病理性血栓形成导致的心肌梗塞与中风是人类最主要致死原因之一；血栓也是血液浸润医疗仪器，如心脏泵、心脏支架，失效的重要原因。临床实践、药物与医疗仪器优化设计等对定量预测血栓形成提出了迫切需求，使以数学与计算仿真研究血栓成为了一种趋势。本项目拟以连续力学为框架，发展与血流动力学高度耦合的血栓形成数学与数值模型，完善现有血栓模型在描述血管性血友病因子（vWF）调节下血小板粘附与聚合、血小板应力积累与剪切激活以及血小板迁移三个重要机理环节存在的不足。利用数值模型，项目拟探索血管病理性狭窄处血栓易发机理及其与心肌梗塞的关联，心室辅助装置心脏泵内血栓形成机理与空间分布，医疗仪器部件接口处与血管瘤内血小板富集及血栓易发机理。本项目对于丰富流动血液内血栓形成机理研究有重要意义；本项目成果可为预测血栓形成提供廉价省时的研究方法与工具，在相关心脑血管疾病致病机理研究、医疗仪器优化设计等领域具有广泛应用前景。
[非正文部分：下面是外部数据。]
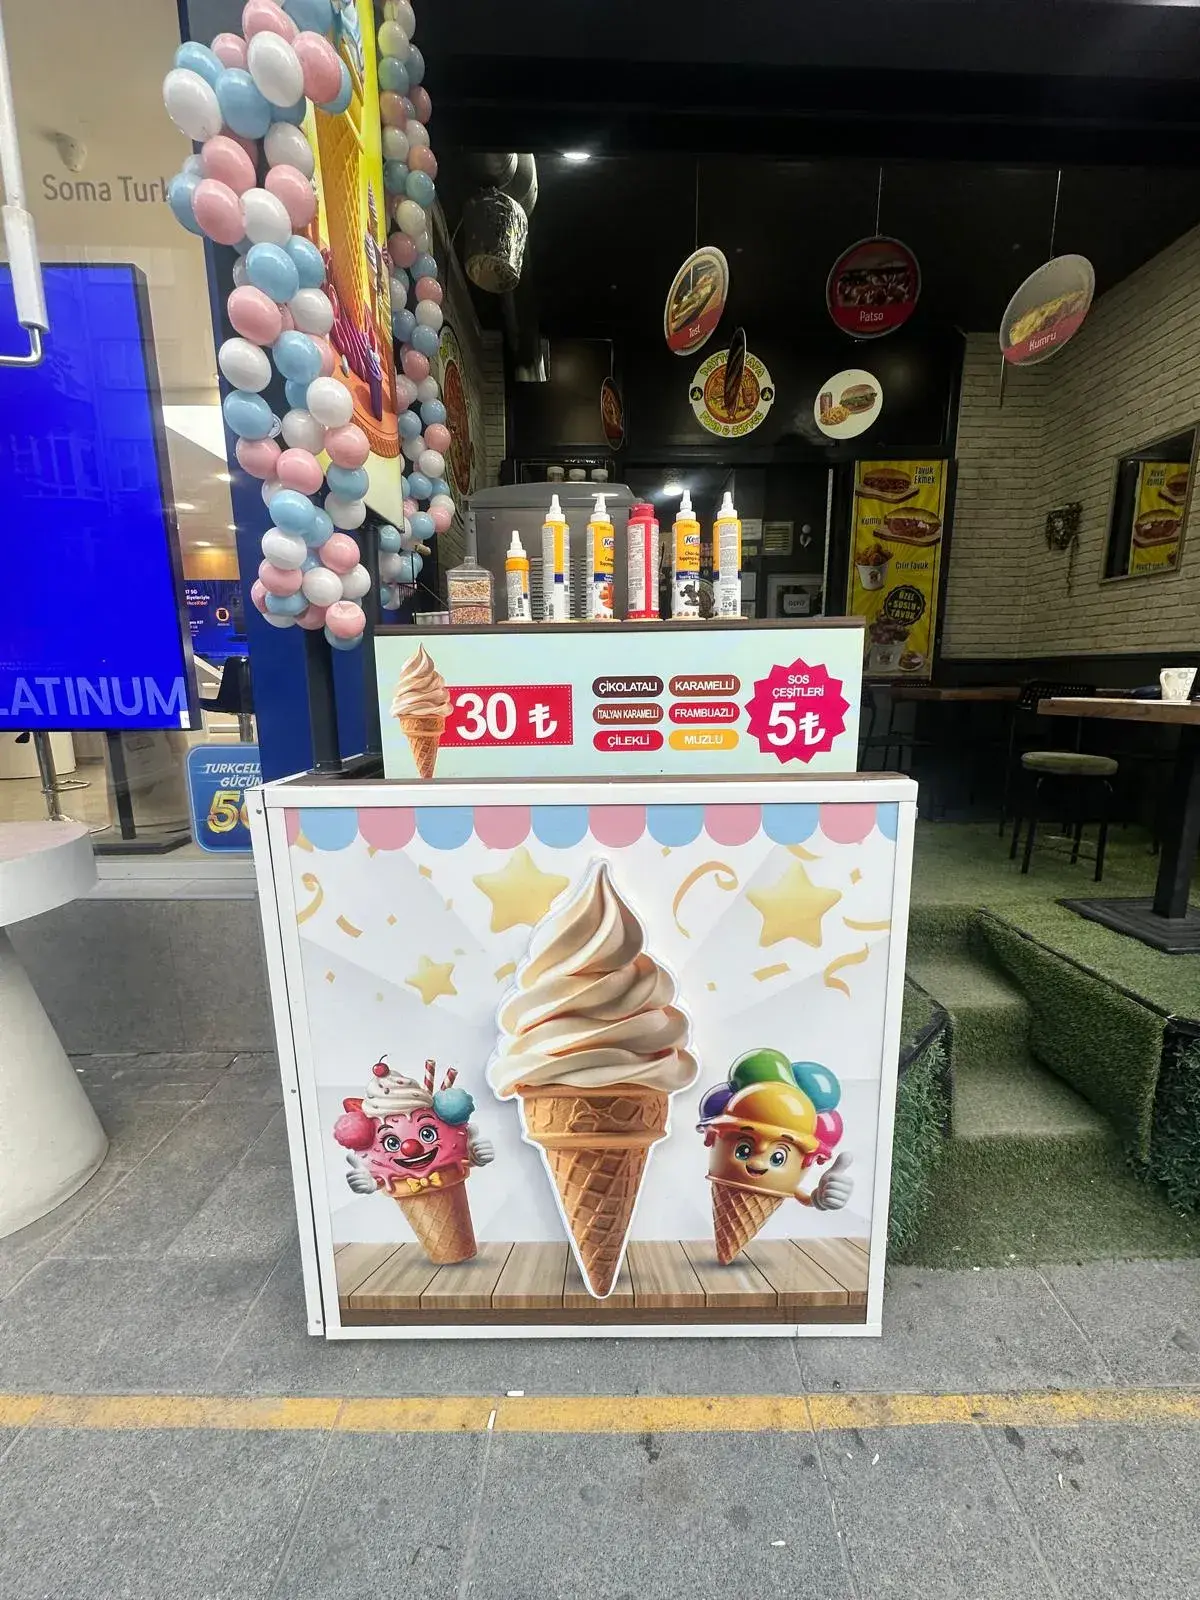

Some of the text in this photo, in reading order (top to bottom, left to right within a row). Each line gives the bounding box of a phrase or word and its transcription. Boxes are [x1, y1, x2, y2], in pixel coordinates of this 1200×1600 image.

Pathological thrombosis induced myocardial infarction (MI) and stroke are the leading causes of death for human being; thrombosis is also the main reason for malfunction of many blood-wetted medical devices, such as blood pump and stent. Clinical practice, pharmacy and medical devices development have urgent requirements on quantitative prediction of thrombosis, which makes mathematical and computational modelling of thrombosis become a trend. Based on the frame of continuum mechanics, current project aims to develop a mathematical and numerical model of thrombosis which is highly coupled with hemodynamics. The new model will improve three important mechanisms of thrombosis which haven’t been considered or are not well modeled by existing models, i.e. the von Willebrand factor (vWF) mediated platelet adhesion and aggregation, shear accumulation and shear activation of platelet and platelet migration. Applying the model, current project plans to investigate the mechanism of thrombosis in atherosclerotic vessels and its relation with MI, thrombosis and thrombus distribution in the blood pump of a ventricular assistant device, and the mechanisms of platelet accumulation and thrombosis near the joint of medical devices portions and in some aneurysms. Current project has important significance for enriching the study of thrombosis under flowing blood. The thrombosis model developed in current project can be an economic and time-saving tool for predicting thrombosis in various problems and is expected to be widely applied in studying pathogenesis of cardiovascular diseases and developing medical devices.